We did not perform genetic testing on our participants, and cannot exclude confounding by genotype. However, although the association of cardiovascular disease and diabetes with birthweight may be mediated through genetic variation of the insulin-like growth factor 1,42 it is unlikely that the association between birthweight and risk of adult onset disease is exclusively genetic. Fetal growth, of which birthweight is a cumulative measure, is profoundly influenced by fetal nutrition and fetal environment, independent of genetics.43 In pregnancies using ovum donation, small women have small babies even if the donated ovum comes from a large woman.18 Embryo transplant experiments also show that birth size is dependent on the maternal uterine environment, with minimal contribution from parental genotypes.19

Our data suggest a birthweight threshold above which risk of RA increases. The biology underlying this association is speculative, and the relative importance of fetal nutrition versus genotype is unknown. However, if fetal nutrition has an impact on future risk of RA, this could be a potentially modifiable risk factor. Further study of our observation that high birthweight is associated with an increased risk of RA could provide insight into the pathogenesis of RA. These data also provide further evidence for the importance of fetal environment as a crucible for future adult diseases.

Acknowledgments

We would like to thank Gideon Aweh for his help with statistical programming.

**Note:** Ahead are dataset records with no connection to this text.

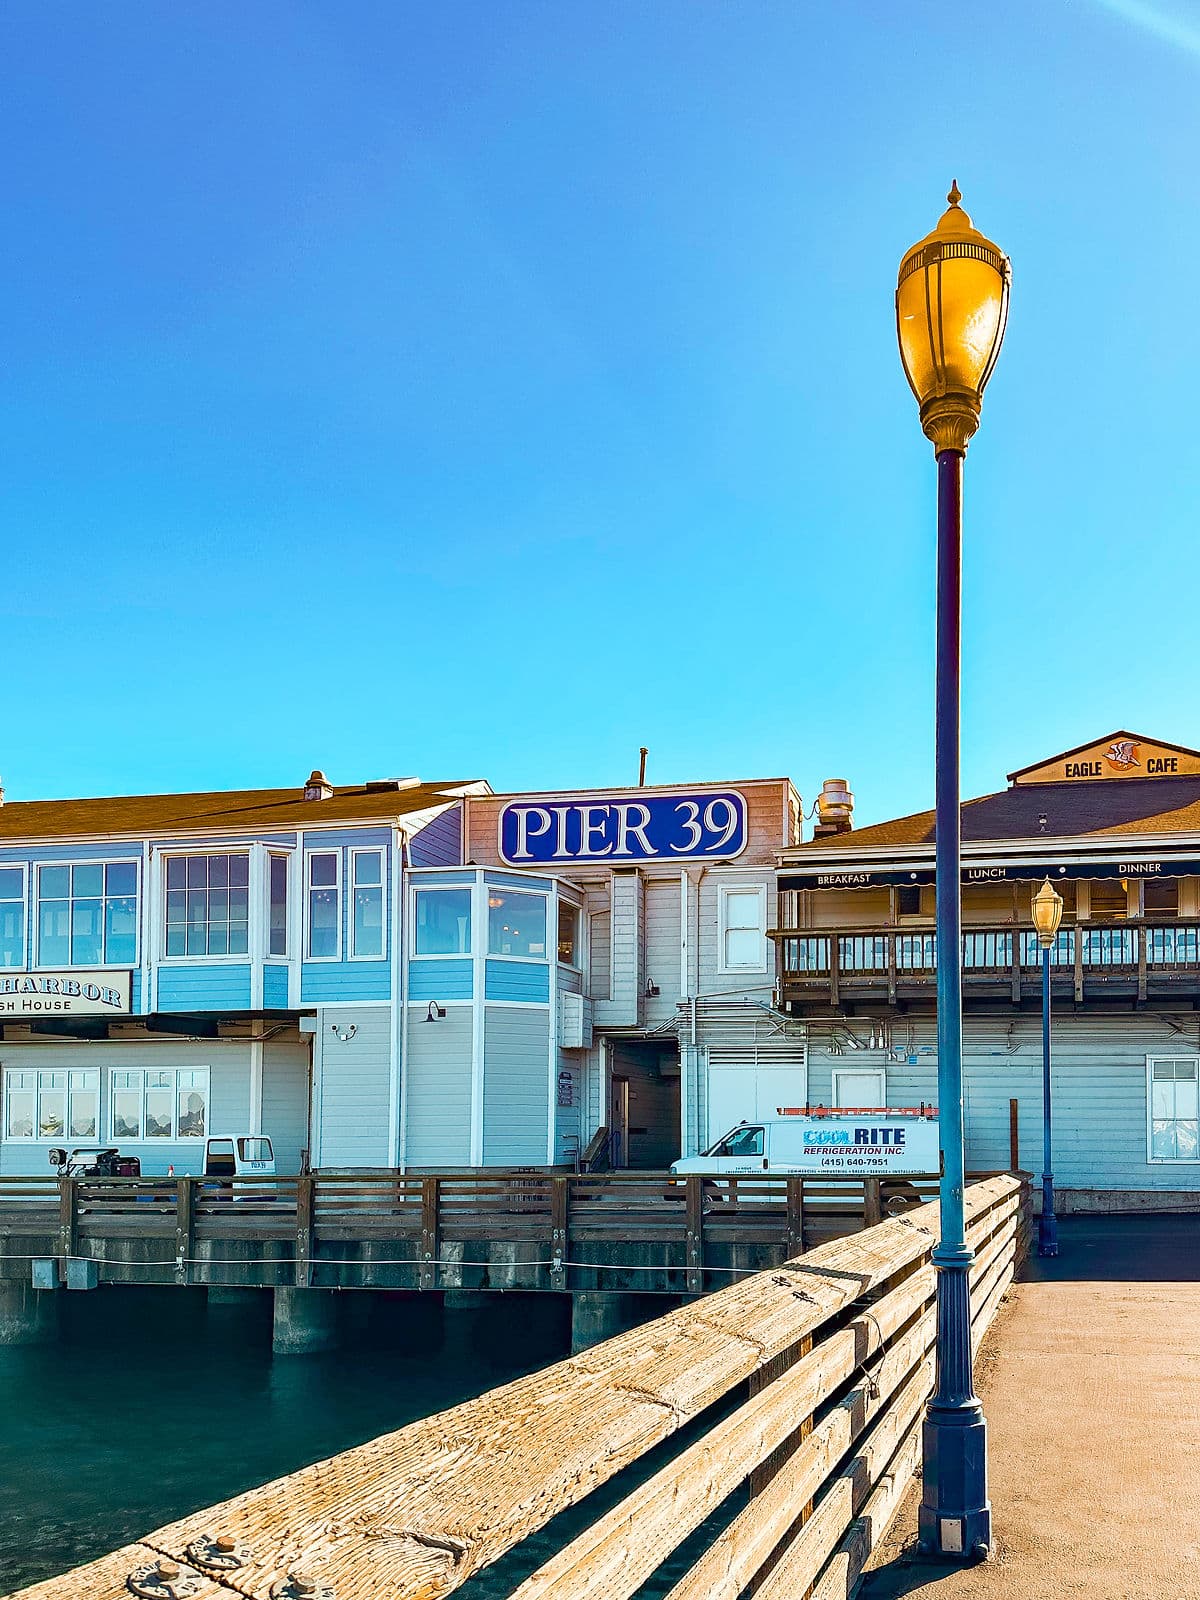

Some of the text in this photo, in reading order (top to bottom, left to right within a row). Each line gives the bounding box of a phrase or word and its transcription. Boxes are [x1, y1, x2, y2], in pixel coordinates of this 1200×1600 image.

[1065, 758, 1178, 778] EAGLE CAFE
[510, 798, 738, 858] PIER 39
[968, 868, 1006, 879] LUNCH
[1118, 863, 1162, 873] DINNER
[817, 873, 872, 885] BREAKFAST
[0, 976, 122, 1009] HARBOR
[854, 1128, 905, 1145] RITE
[803, 1147, 905, 1155] REFRIGERATION INC.
[821, 1158, 888, 1167] (415) 640-7951
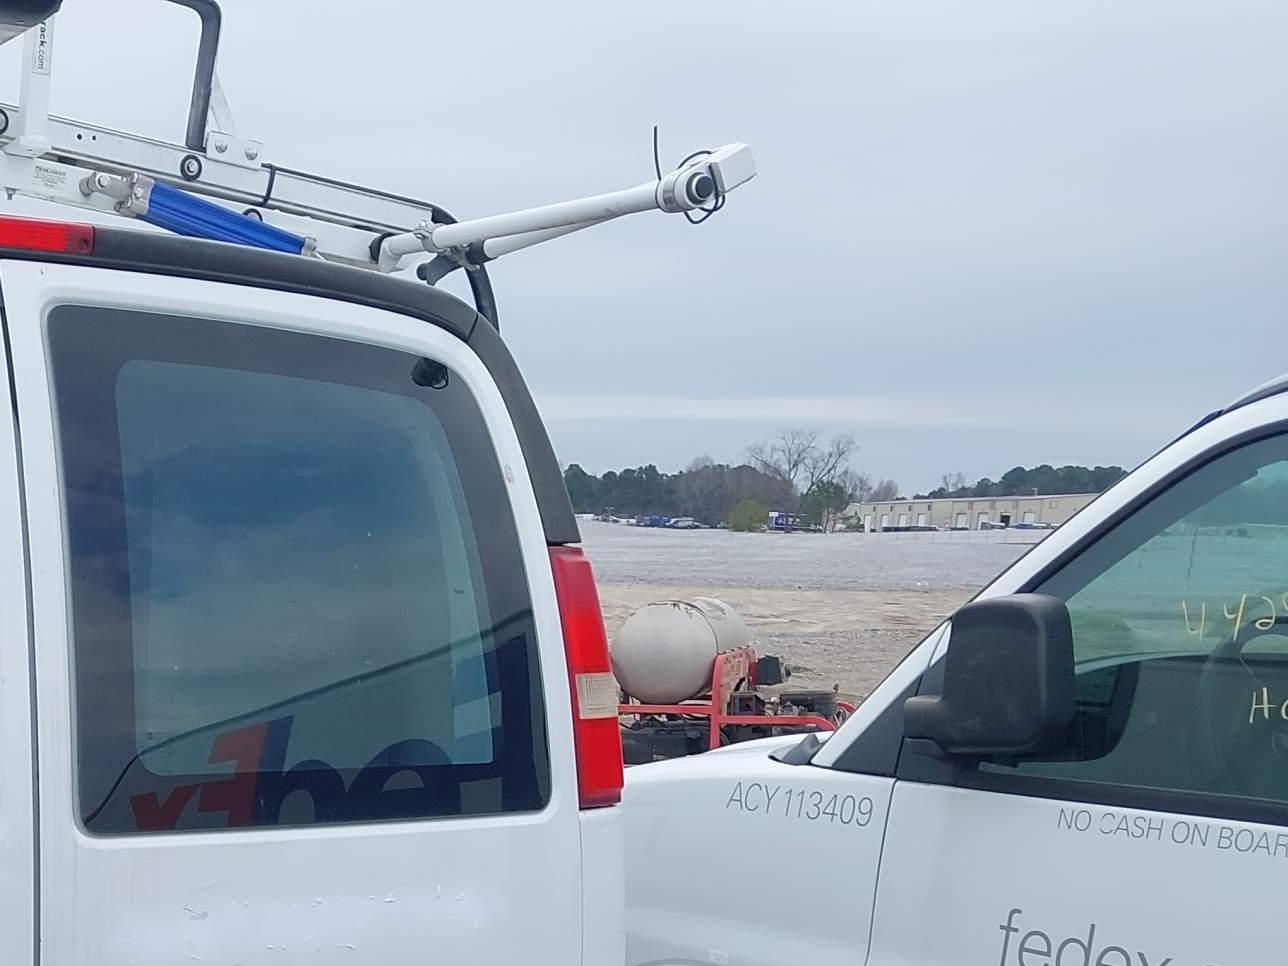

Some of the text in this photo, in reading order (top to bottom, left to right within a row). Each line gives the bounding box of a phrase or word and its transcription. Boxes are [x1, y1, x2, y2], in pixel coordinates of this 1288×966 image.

[1057, 808, 1092, 833] NO
[1099, 813, 1163, 841] CASH
[1171, 821, 1210, 847] ON

Acknowledgment of Funding: This research was supported by NIH grants, CA87969, R01 AR49880, K24 AR0524-01, K12 HD051959, and K23 AR050607-01.

Dr. Mandl was supported by an American College of Rheumatology Clinician Investigator Fellowship Award. She is also supported by an Arthritis Investigator/Clinical Investigator Award from the National and New York State Arthritis Foundation.

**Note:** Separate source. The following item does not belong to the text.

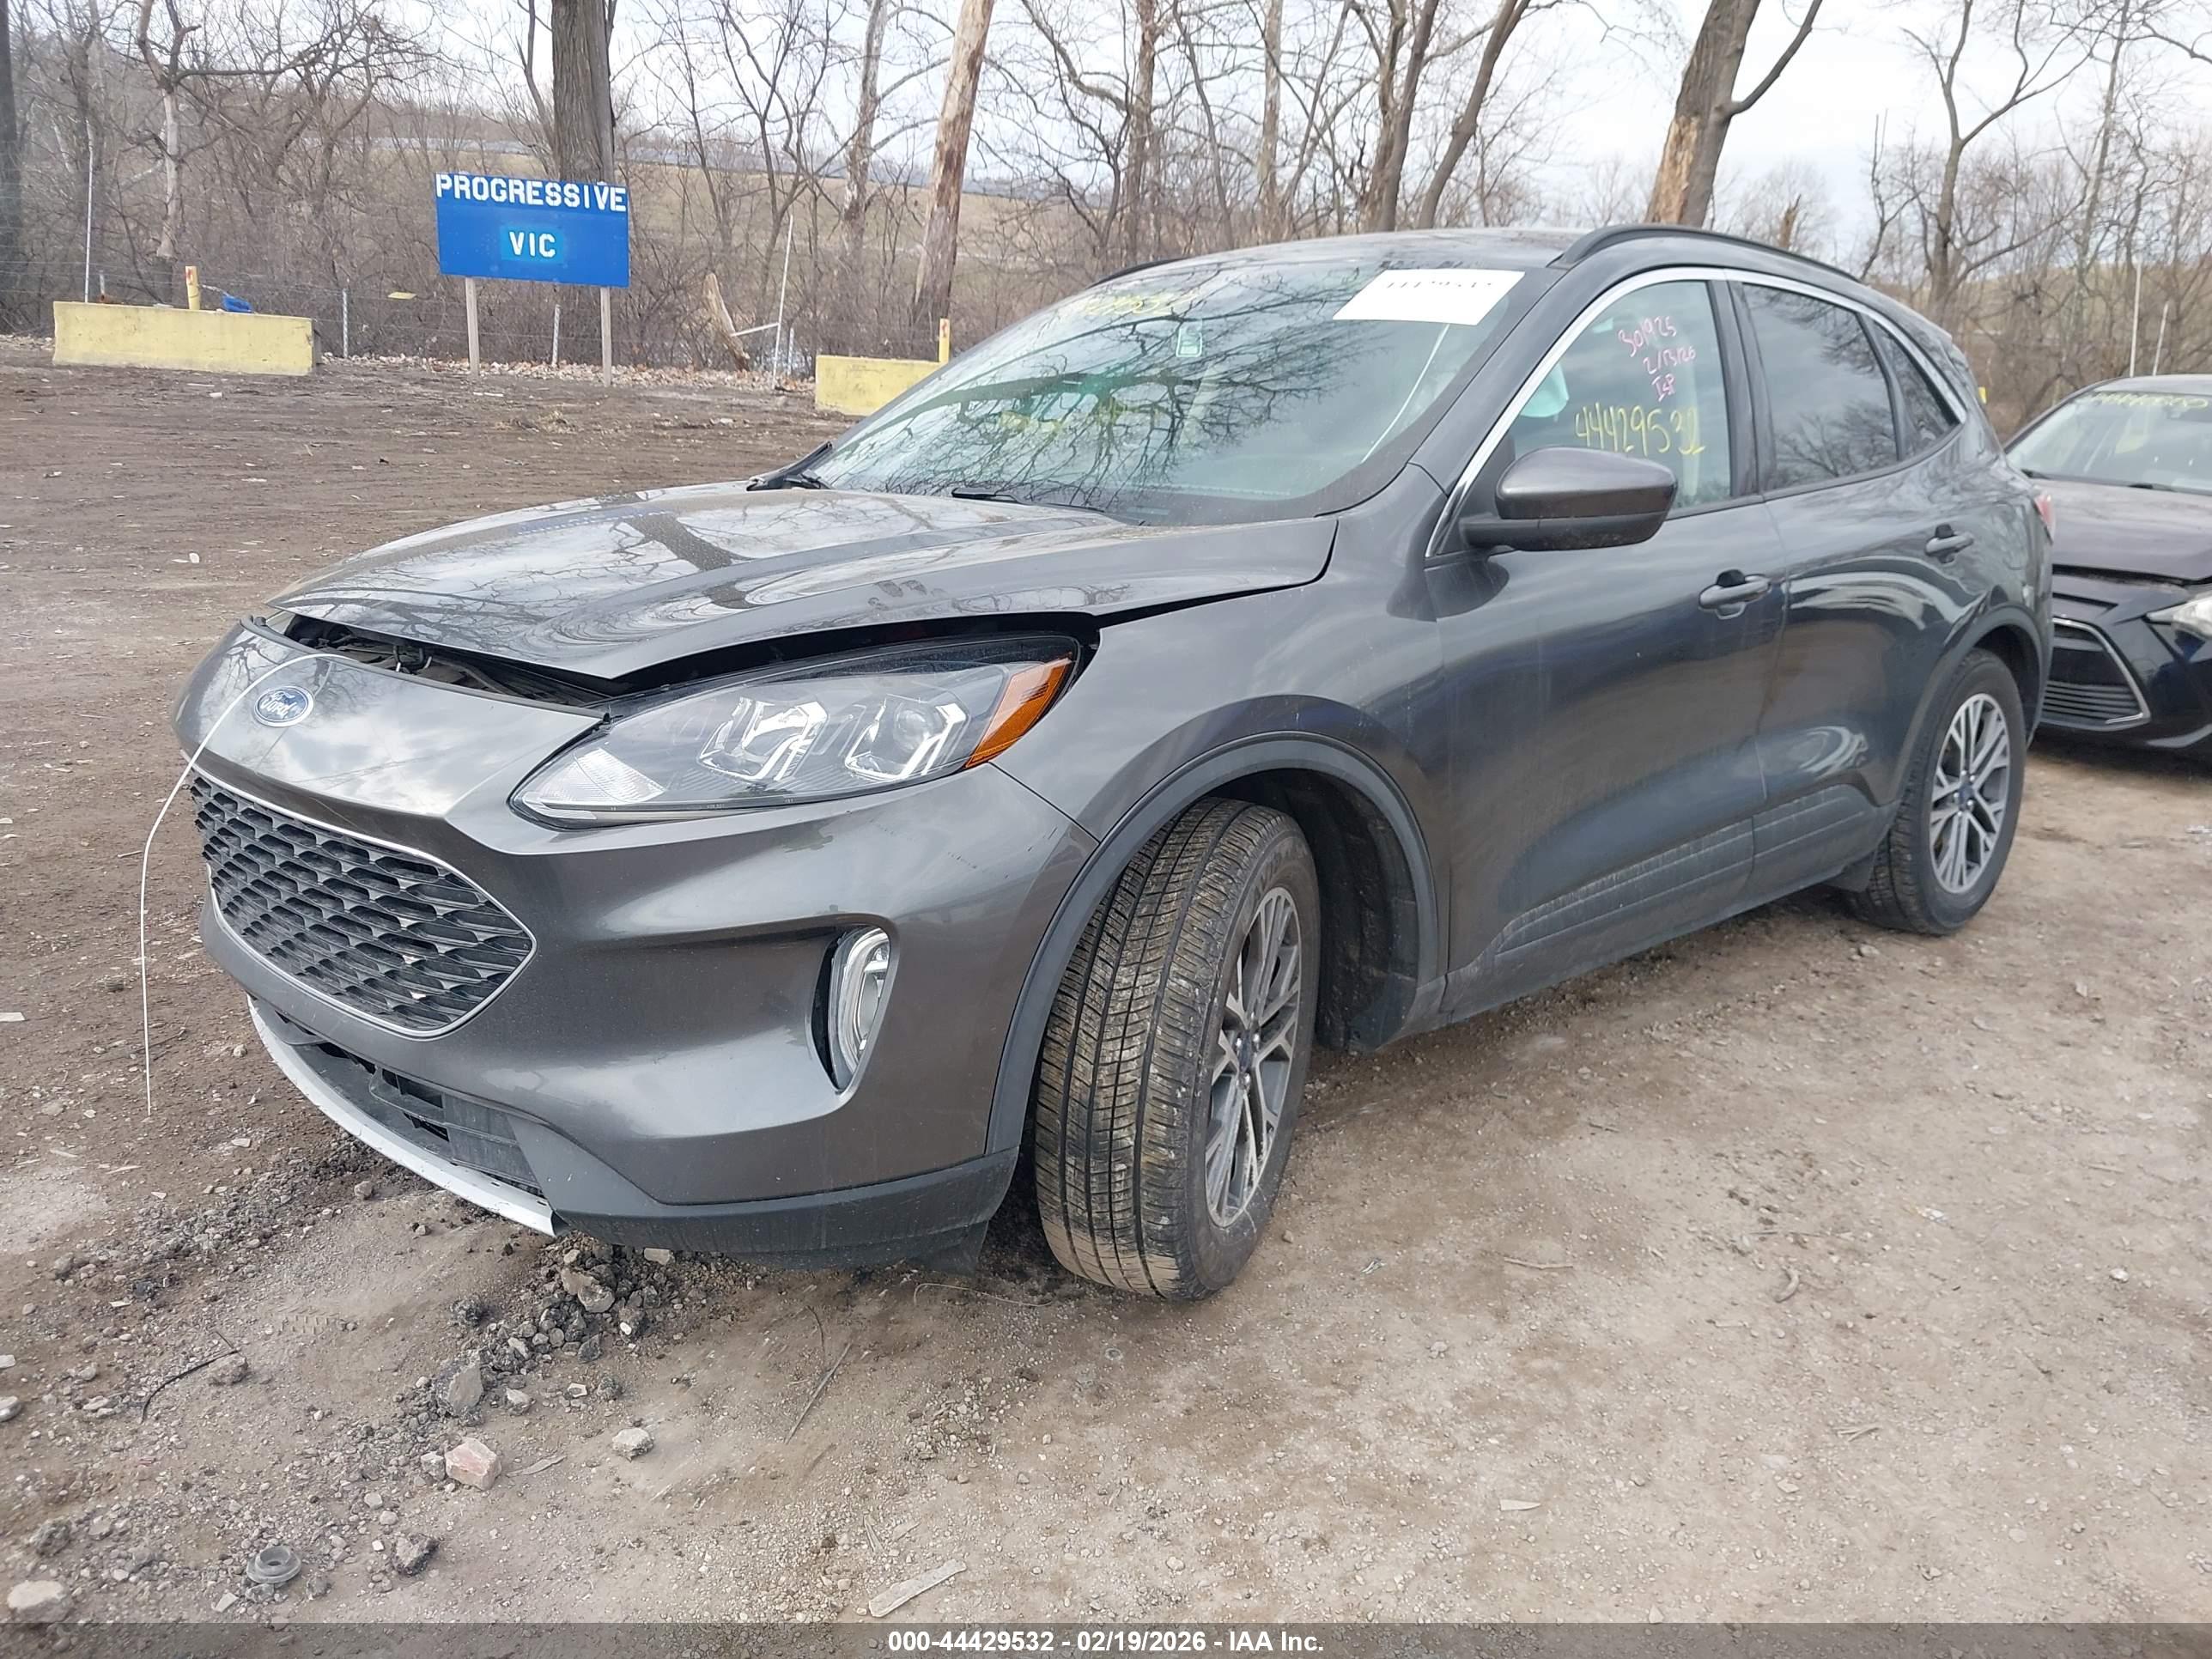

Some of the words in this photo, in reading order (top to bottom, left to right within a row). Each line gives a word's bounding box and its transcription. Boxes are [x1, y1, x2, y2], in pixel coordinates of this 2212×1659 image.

[435, 173, 627, 211] PROGRESSIVE
[508, 230, 556, 258] VIC
[260, 690, 298, 720] Ford

Dr. Costenbader is supported by an Arthritis Investigator Award from the American College of Rheumatology and the Arthritis Foundation, a Building Interdisciplinary Research Collaborations in Women’s Health (BIRCWH) Award jointly funded by NIMH, NIAID, NICHD, and OD, and the Katherine Swan Ginsburg Memorial Award. JF Simard is supported by a Doctoral Dissertation Award from the Arthritis Foundation.

Footnotes

There are no competing interests.

Role of the funding source

The study funding sources had no role in any of the following: study design; collection, analysis, or interpretation of data; writing of the manuscript; or the decision to submit for publication.